Союз писателей XXI века
Издательство Евгения Степанова
«Вест-Консалтинг»

АЛЕКСЕЙ ВУЛЬФОВ


СЕРГЕИЧ


Русская культура и журналистика понесли тяжелую утрату. 15 октября 2018 года на 58-м году жизни в больнице города Дмитрова скоропостижно скончался от тяжелой болезни выдающийся композитор и журналист Иван Сергеевич Вишневский.

Сергеевичем зову его по праву, потому что знаком с ним ровно сорок лет и полжизни прошел вместе с ним, будучи его самым давним другом. Когда мы учились в музыкальном училище, то звали друг друга — мальчишки — Борисыч и Сергеич.
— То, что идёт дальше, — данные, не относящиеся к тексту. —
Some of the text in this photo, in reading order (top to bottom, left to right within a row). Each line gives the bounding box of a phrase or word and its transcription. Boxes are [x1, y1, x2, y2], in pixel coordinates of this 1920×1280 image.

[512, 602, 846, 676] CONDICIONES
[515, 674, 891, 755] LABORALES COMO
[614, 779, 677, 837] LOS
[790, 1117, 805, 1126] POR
Все смеялись, но мы с тех пор так и величались до того дня, пока Ваня не ушел.
Однажды Валентин Распутин побывал на нашем концерте в Рахманиновском зале, где Владимирский хор “Распев” исполнял наши сочинения. После, когда мы обнялись на сцене, улыбнулся и сказал: “Больше всего мне понравилось, как вы тепло относитесь друг к другу...”. Потом посерьезнел: “Музыка Вишневского — хороша, сильна”.
Да, это так. Иван Вишневский — это выдающееся, уникальное дарование.
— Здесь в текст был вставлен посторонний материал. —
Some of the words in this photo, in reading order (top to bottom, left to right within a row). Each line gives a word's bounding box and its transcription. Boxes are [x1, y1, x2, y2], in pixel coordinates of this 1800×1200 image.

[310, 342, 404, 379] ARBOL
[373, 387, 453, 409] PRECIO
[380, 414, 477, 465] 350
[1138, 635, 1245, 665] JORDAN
Когда он поступил заниматься к известному московскому педагогу Владимиру Кирюшину, у которого мы и познакомились перед поступлением в училище весной 1978 года, у него совсем не было координации слуха и голоса. Отлично помню, как он — юный портретно красивый и броский — долбил часами одну и туже квинту, вымычивая правильный тон, мучительно подтягивая интонацию к верной высоте под пристальным взглядом Кирюшина, разглядевшего в Ване самобытный талант. И так по шесть часов в день. Слух он себе, трудясь беспрерывно и упорно, просто сделал. Музыкой начал заниматься в 16 лет — очень поздно. И за полтора года овладел игрой на фортепиано. Между прочим, занимался и рок-музыкой, вообще рок очень высоко ценил, чего не скажешь о джазе и эстрадной музыке. В самых первых сочинениях, еще в училище, уже использовал электрогитару.
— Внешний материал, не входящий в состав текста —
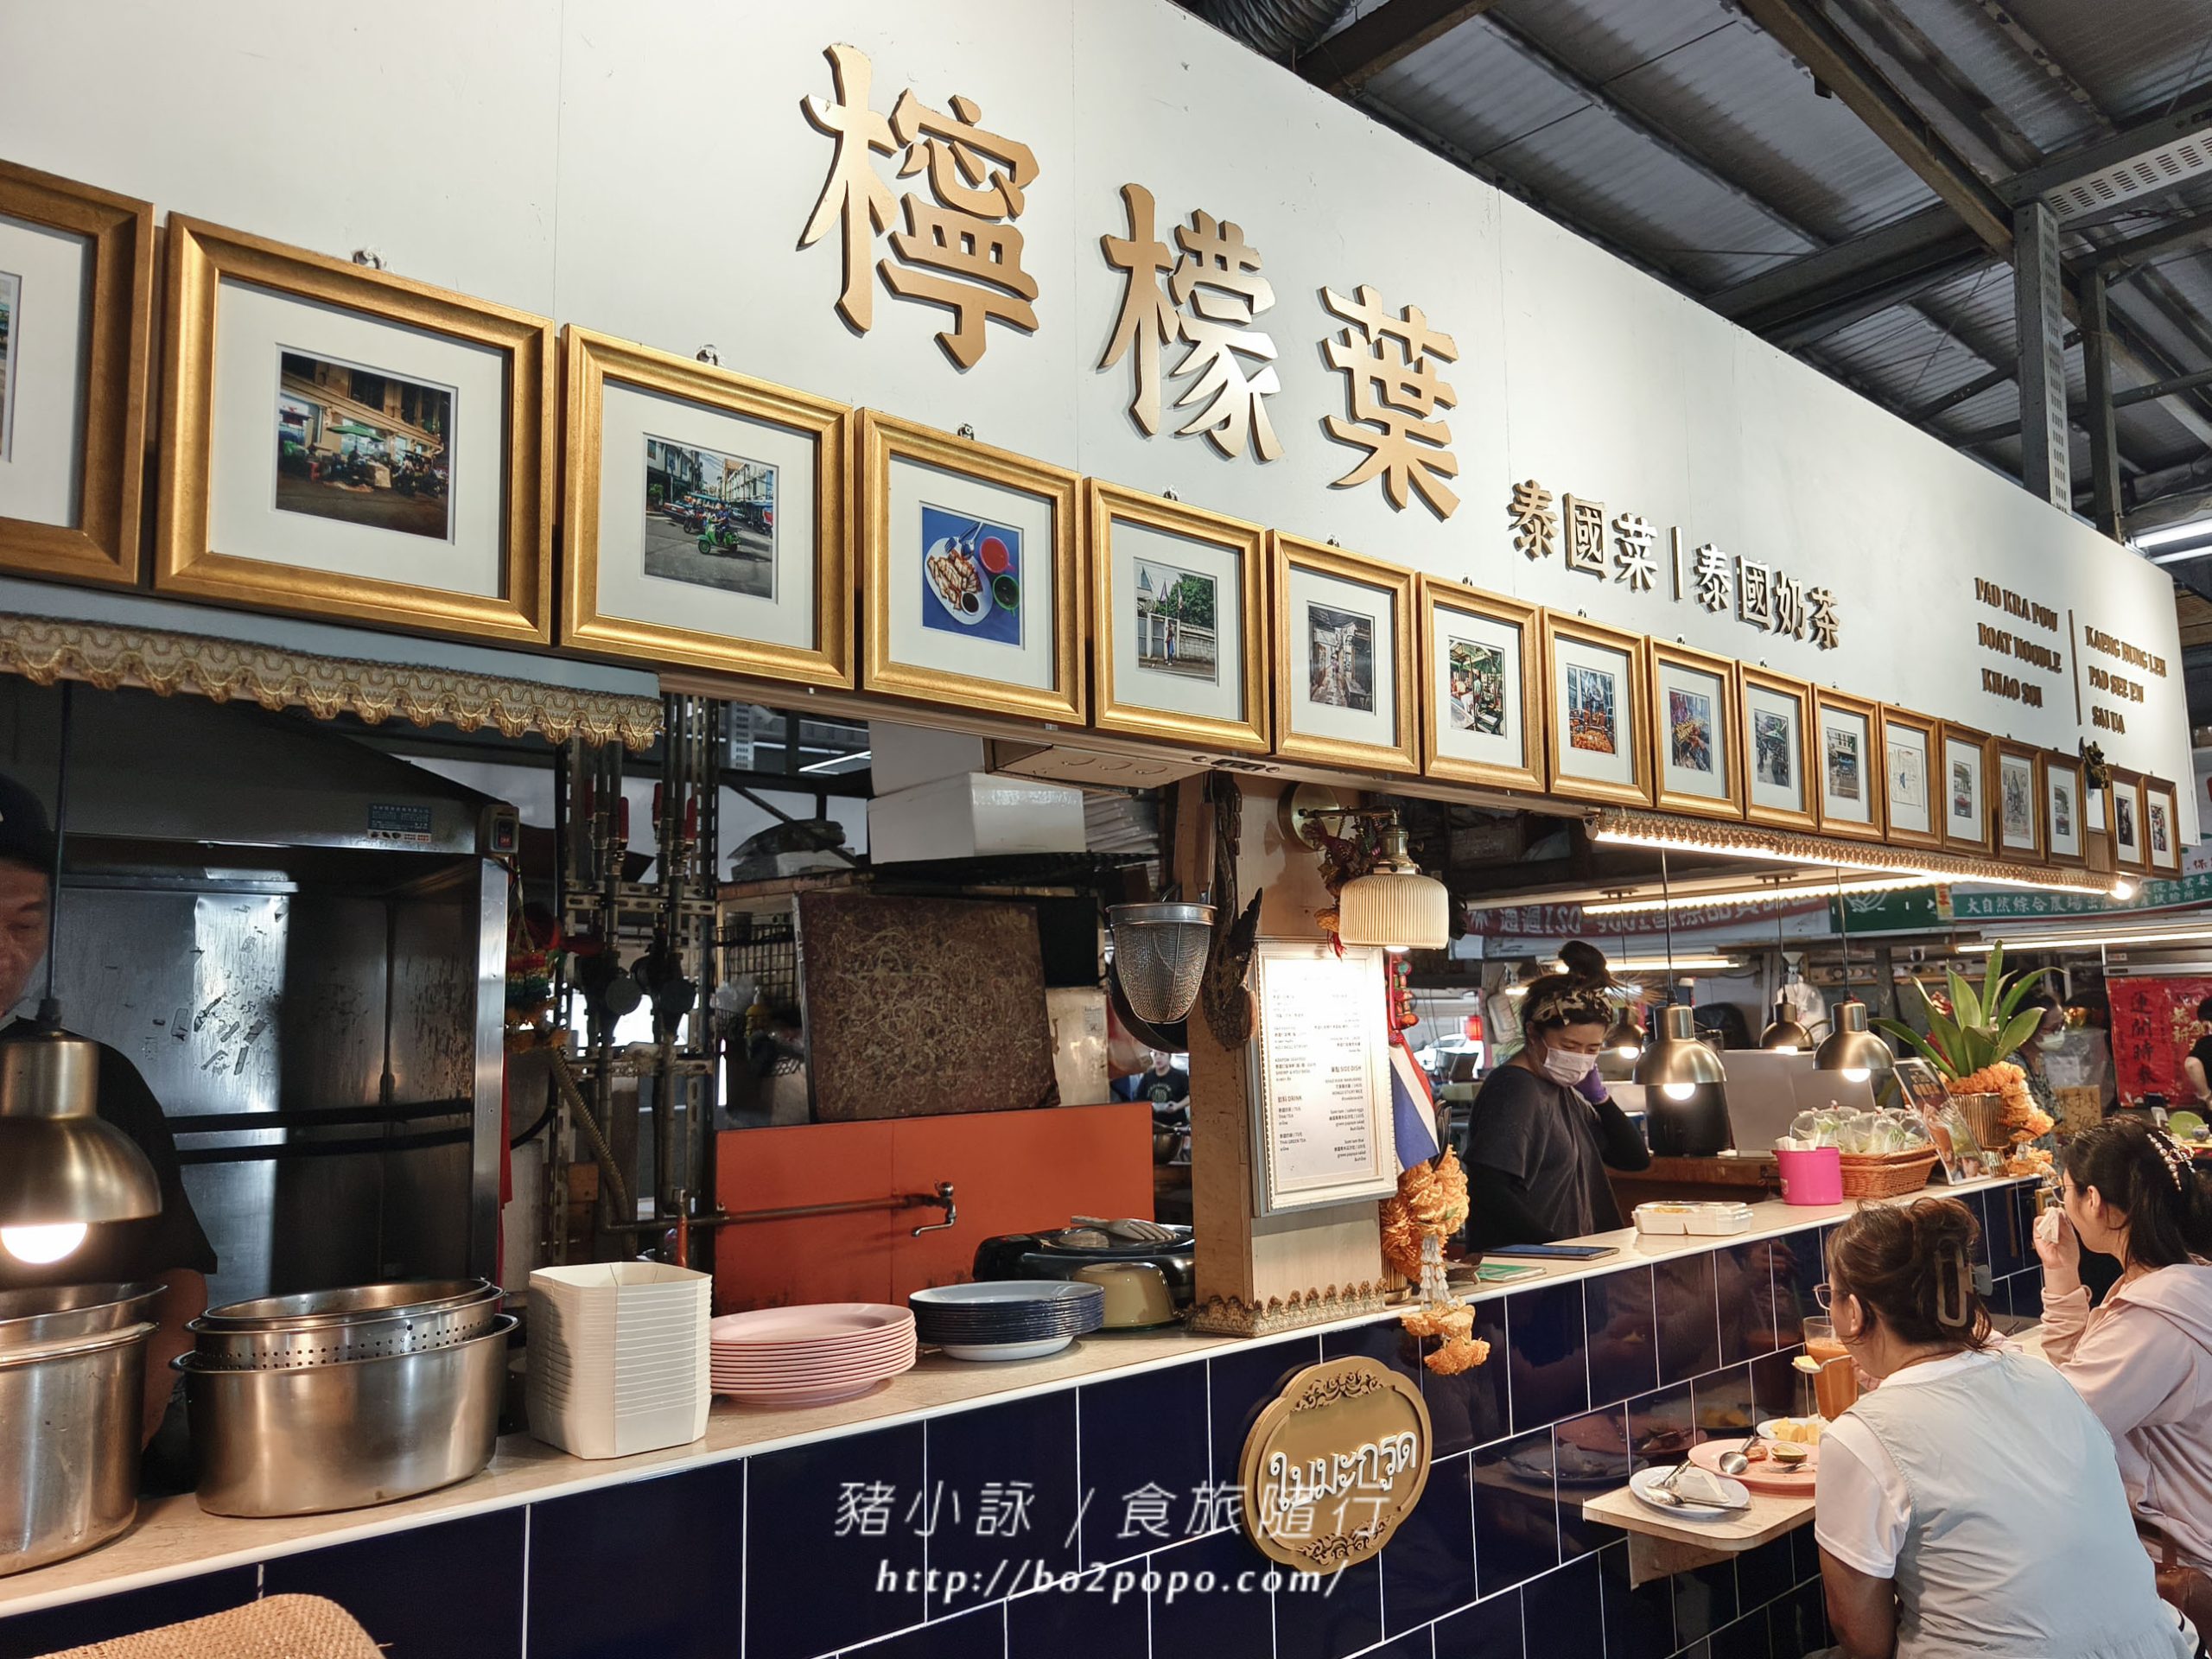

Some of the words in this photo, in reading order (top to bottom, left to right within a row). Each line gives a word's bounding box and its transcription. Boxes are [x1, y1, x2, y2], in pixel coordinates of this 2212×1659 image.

[796, 42, 1461, 523] 檸檬葉
[1507, 480, 1658, 592] 泰國菜
[1691, 543, 1840, 651] 泰國奶茶
[1974, 577, 2001, 608] PAD
[2002, 588, 2031, 621] KRA
[1977, 622, 2012, 656] BOAT
[2013, 636, 2063, 674] NOODLE
[1981, 667, 2021, 701] KHAO
[2088, 665, 2109, 690] PAD
[2092, 705, 2110, 730] SAI
[2110, 711, 2126, 734] UA
[1269, 1431, 1417, 1511] ใบมะกรูด
С юности был очень образован, читал без конца, книги всегда раскрытые тут и там лежали возле пианино в комнате в доме на улице Правды, был вообще очень внимателен и вдумчив в книжном чтении. Общаться с ним было необычайным удовольствием, когда он был в духе, воодушевлен и мечтателен.
Несмотря на аристократическое богатырское сложение (бедный женский пол, помиравший по нему!), ел очень мало и был крайне неприхотлив в одежде ив быту с юности. Никогда не имел лишних денег, вечно нуждался, экономил или просил “ссудить” в буфете и в поездках, хотя по стилю жизни семьи и происхождению был мальчиком “мажорным”, что называется — советским дворянином (отец — корреспондент “Правды” в США, мать — поэтесса). Все подобные “мажорные” блага того времени, открытые ему нараспашку, вроде валютных баров, кафе “Метелица” и модных “сэйшенов” на престижных дачах, он категорически отверг, избрав путь служения высокой культуре, путь огромного труда (в училище труд наш был очень тяжелым, там научили не терять время на всю жизнь, научили там и любить музыку, боготворить ее буквально; и еще, за что низкий пожизненный поклон — научили быть неравнодушными, любопытными, как говорил Г. В. Свиридов — “живыми”).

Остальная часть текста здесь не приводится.